▶ Assigned task
Exact reproduction of the data is required, with images excluded.

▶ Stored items
◆ ◆ ◆ ◆ ◆ ◆ ◆

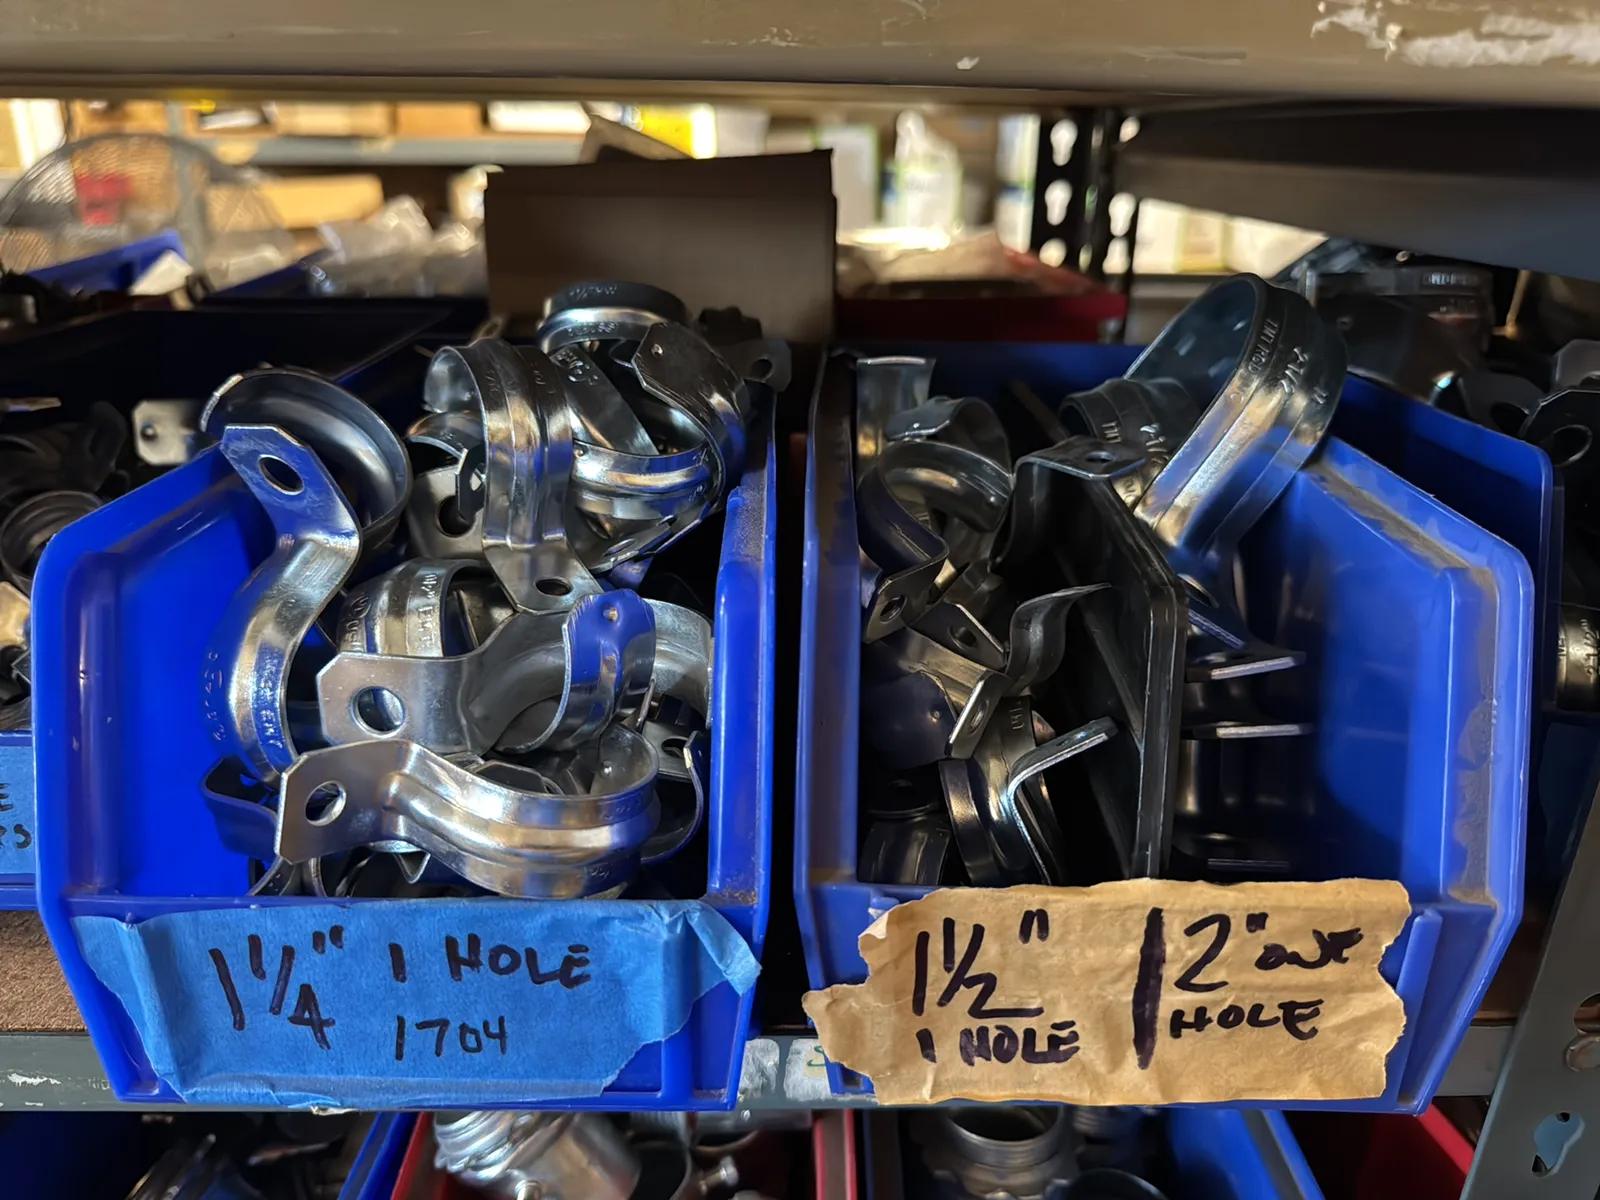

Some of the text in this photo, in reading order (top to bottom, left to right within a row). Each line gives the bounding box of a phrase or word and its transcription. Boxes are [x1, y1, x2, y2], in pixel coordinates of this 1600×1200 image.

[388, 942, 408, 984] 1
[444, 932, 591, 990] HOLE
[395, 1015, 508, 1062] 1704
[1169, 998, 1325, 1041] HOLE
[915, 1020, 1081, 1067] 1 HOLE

◆ ◆ ◆ ◆ ◆ ◆ ◆

▶ Solution below
Some of the text in this photo, in reading order (top to bottom, left to right within a row). Each line gives the bounding box of a phrase or word and its transcription. Boxes are [x1, y1, x2, y2], in pixel coordinates of this 1600×1200 image.

[388, 942, 408, 984] 1
[444, 932, 591, 990] HOLE
[395, 1015, 508, 1062] 1704
[1169, 998, 1325, 1041] HOLE
[915, 1020, 1081, 1067] 1 HOLE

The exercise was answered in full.